Download the tar archive version of the client and install.  To get it to start on system boot, you'll want to put a copy of the startup script in the following directory on your Synology box:

 

/usr/local/etc/rc.d

 

So mine is:

 

/usr/local/etc/rc.d./S99retroclient.sh

 

Which has the contents:

 

#!/bin/sh

# Retrospect Client rcl script 

# Contact Information 

# Sonic Solutions

# Pleasanton, CA 94566

# http://www.retrospect.com/supportupdates

# © 2010 Sonic Solutions. Portions © 1989-2010 EMC Corporation.
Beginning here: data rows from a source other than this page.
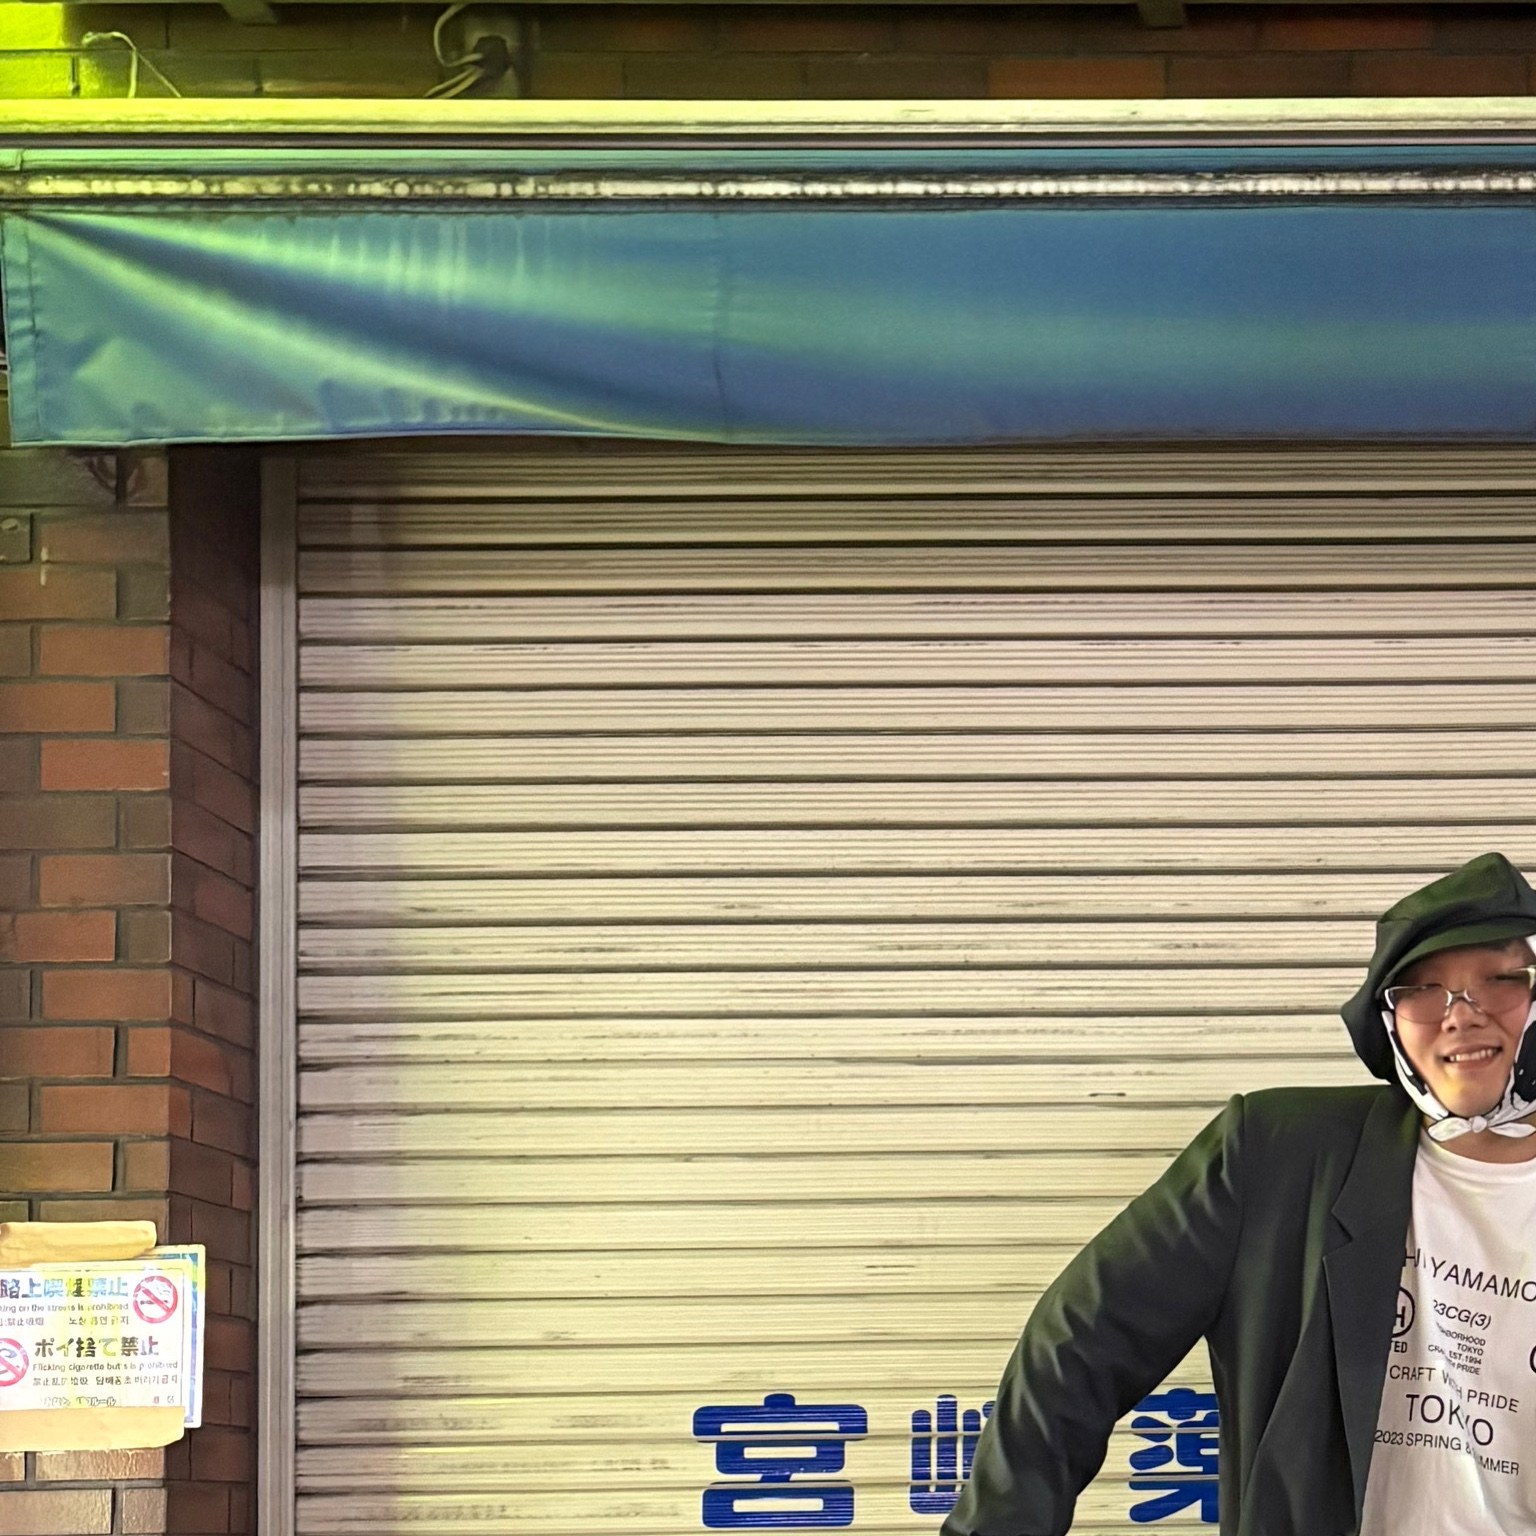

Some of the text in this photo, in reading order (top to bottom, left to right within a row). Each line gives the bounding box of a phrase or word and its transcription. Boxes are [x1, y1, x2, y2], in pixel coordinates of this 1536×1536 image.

[35, 1335, 159, 1358] ポイ捨て禁止
[1457, 1342, 1484, 1356] TOKYO
[1389, 1365, 1436, 1381] CRAFT
[1467, 1389, 1519, 1413] PRIDE
[1375, 1430, 1404, 1445] 2023
[1406, 1433, 1461, 1451] SPRING
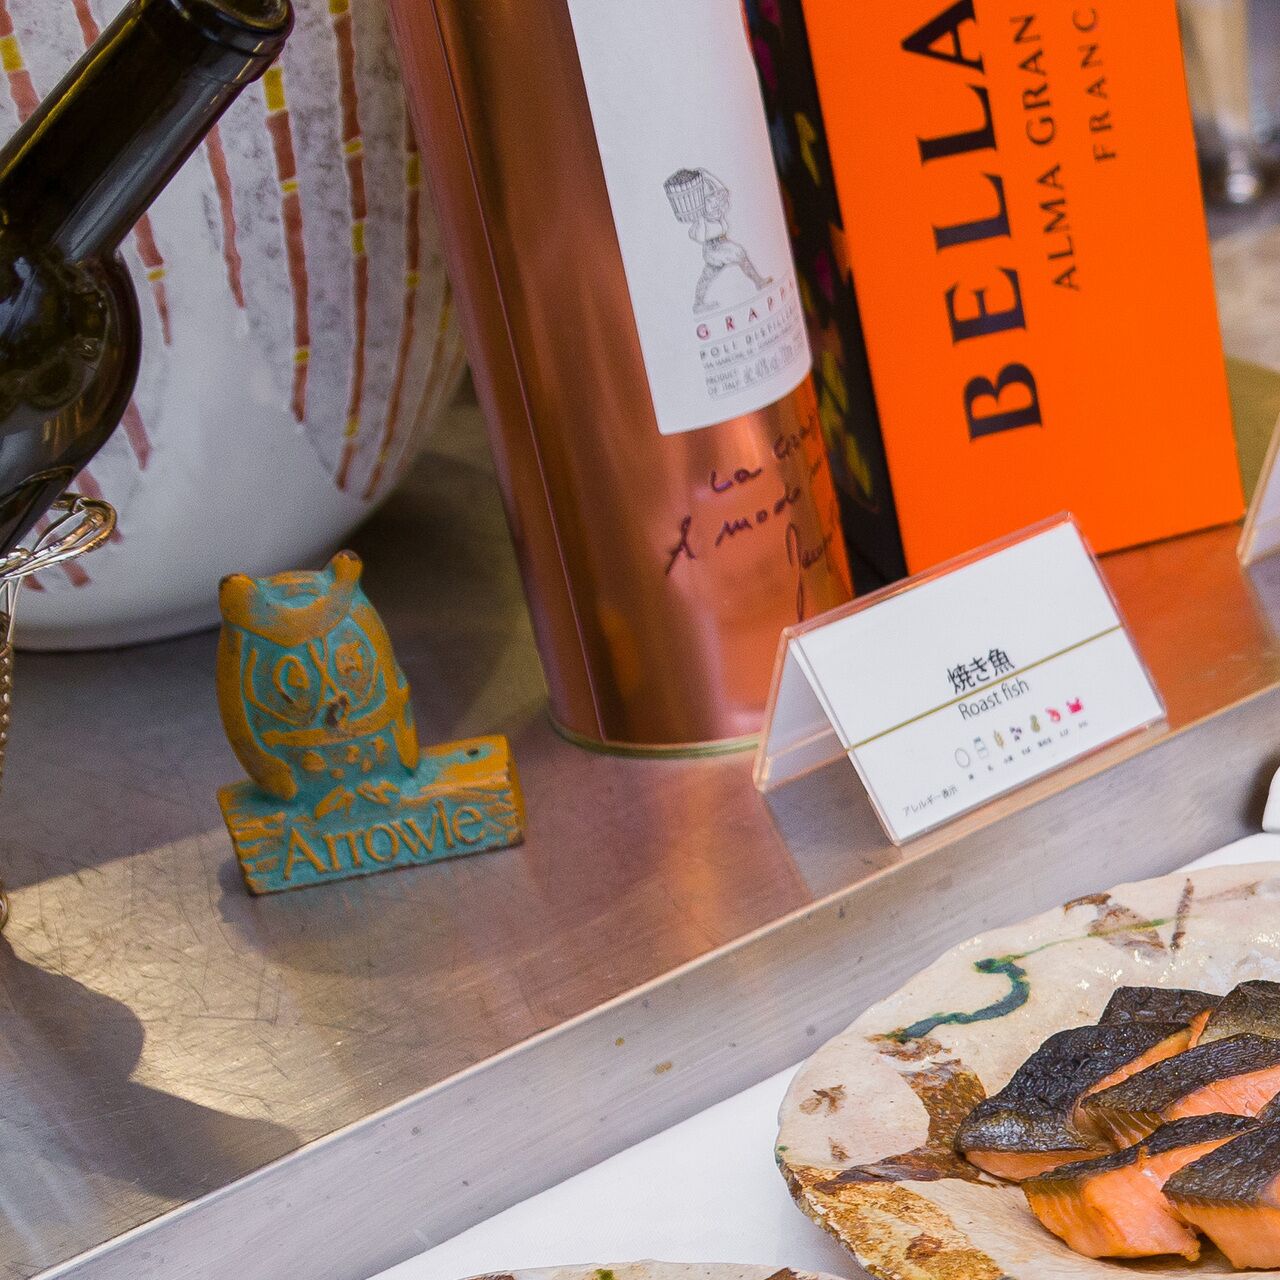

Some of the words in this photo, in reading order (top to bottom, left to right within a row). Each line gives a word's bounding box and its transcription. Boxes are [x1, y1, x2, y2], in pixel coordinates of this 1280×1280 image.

[1009, 13, 1056, 146] GRAN
[1071, 7, 1117, 163] FRANC
[901, 0, 1043, 443] BELLA
[1036, 162, 1080, 292] ALMA
[947, 648, 1016, 695] 焼き魚
[957, 690, 1002, 720] Roast
[1000, 676, 1030, 702] fish
All rights reserved.

#

# Place this script along with retroclient, and 

# retrocpl in the directory specified by CLIENTDIR.

 

### BEGIN INIT INFO

# Provides: retroclient

# Required-Start: $local_fs $syslog

# Should-Start:

# Required-Stop:

# Default-Start: 3 4 5

# Default-Stop: 0 1 2 6

# Short-Description: Retrospect Client

# Description: Retrospect Client

### END INIT INFO

 

CLIENTDIR=/usr/local/dantz/client

case $1 in

    start)

    $CLIENTDIR/retroclient -daemon

    ;;

    stop)

    $CLIENTDIR/retrocpl -stop

    ;;

    status)

    $CLIENTDIR/retrocpl

    ;;

    *)

    echo "Usage: $0 {start|stop|status}"

    ;;

esac

exit 0

 

From there, you'll have to add your Synology by IP.   I don't believe it will show up in browse lists.  Then back it up as any other Linux client.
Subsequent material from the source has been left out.